Foundation Modelsで長い文字起こしを要約するときに入れた分割・再要約・失敗処理

Posted at 2026-07-05

macOSアプリで、動画の文字起こし結果を FoundationModels で要約する機能を実装しました。

この記事では、FoundationModels の基本的な使い方ではなく、実アプリに入れたときに必要になった次の処理に絞ります。

Apple Intelligenceが使えない環境では要約だけ無効にする
短すぎる文字起こしは要約しない
長い文字起こしは分割してから再要約する
ガードレール拒否と通常失敗を分ける
生成結果の繰り返しを検出して捨てる

前提

文字起こし結果は、すでに次のようなSegment配列として持っています。

struct Segment: Codable, Sendable, Equatable, Identifiable {
    var id = UUID()
    var time: TimeInterval
    var text: String
}

要約に渡すときは、Segmentの本文だけを連結します。

let transcript = segments.map(\.text).joined(separator: " ")

要約できる環境か確認する

FoundationModels の要約は、Apple Intelligenceが使える環境でだけ動きます。

アプリ全体を無効にするのではなく、要約機能だけをオプション扱いにしたかったので、次のような判定を用意しました。

import FoundationModels

enum SummaryService {
    static var summarizationAvailable: Bool {
        if case .available = SystemLanguageModel.default.availability {
            return true
        }
        return false
    }
}

文字起こしや翻訳は使えるが、要約だけ使えない環境があります。

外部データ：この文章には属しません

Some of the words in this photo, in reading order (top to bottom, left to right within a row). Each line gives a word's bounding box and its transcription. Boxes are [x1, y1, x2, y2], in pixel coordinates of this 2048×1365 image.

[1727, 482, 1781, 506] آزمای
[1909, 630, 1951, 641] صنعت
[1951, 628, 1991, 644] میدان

UI側ではこの値を見て、要約ボタンや説明表示を切り替えています。

content transformation向けのguardrailsを選ぶ

動画の文字起こしを要約する処理は、ユーザー自身のコンテンツを変換する処理です。

そのため、モデルは次のように作っています。

private static let summaryModel = SystemLanguageModel(
    guardrails: .permissiveContentTransformations
)

これは「安全判定を外す」という意味ではなく、Foundation Modelsが用意しているcontent transformation向けのguardrailsを選ぶ実装です。

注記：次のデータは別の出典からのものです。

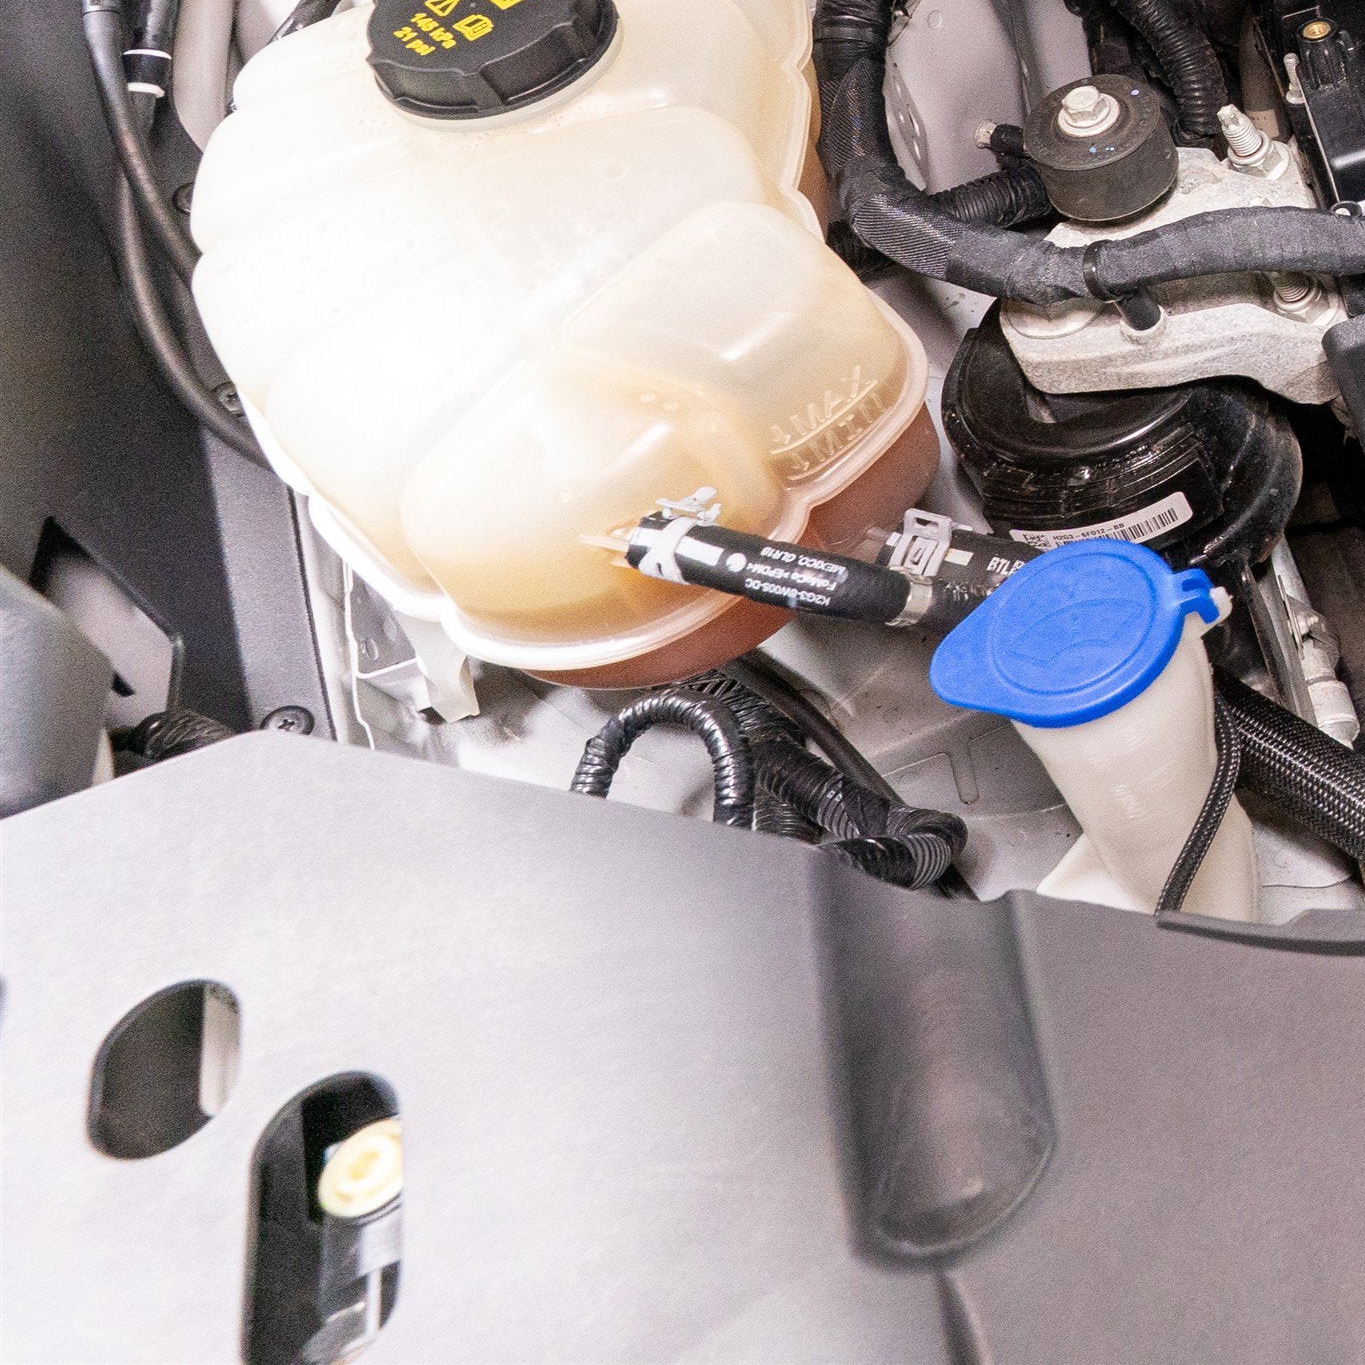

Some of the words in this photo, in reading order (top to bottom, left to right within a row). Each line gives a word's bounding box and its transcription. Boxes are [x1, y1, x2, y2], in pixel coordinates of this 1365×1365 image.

デフォルトのguardrailsだと、普通のインタビューや会話の要約でも拒否されることがありました。文字起こしの変換用途では、用途に合うguardrailsへ寄せた方が実用的でした。

結果の種類を分ける

要約の結果を String? だけにすると、

モデルが使えない
文字起こしが短すぎる
生成に失敗した
safety guardrailで拒否された

を区別できません。

UIで出したい表示が違うので、結果型を分けました。

enum SummaryOutcome: Sendable {
    case text(String)
    case blocked
    case none
}

blocked はモデルの安全ガードで拒否された場合、none は要約不要または通常失敗として扱います。

短すぎる文字起こしは要約しない

短い文字起こしを要約すると、元の文を言い換えるだけになりがちです。

そこで、一定文字数未満は要約しないようにしました。

static let minSummaryChars = 140

static func summarize(
    _ transcript: String,
    outputLanguage: String,
    extraInstruction: String = ""
) async -> SummaryOutcome {
    guard summarizationAvailable,
          transcript.count >= minSummaryChars else {
        return .none
    }

    // ...
}

UI側では「要約するほどの長さがないので文字起こしを見てください」という扱いにしています。

長い文字起こしは分割して要約する

長い動画の文字起こしをそのまま1回の respond に投げると、コンテキスト上限や生成失敗に当たります。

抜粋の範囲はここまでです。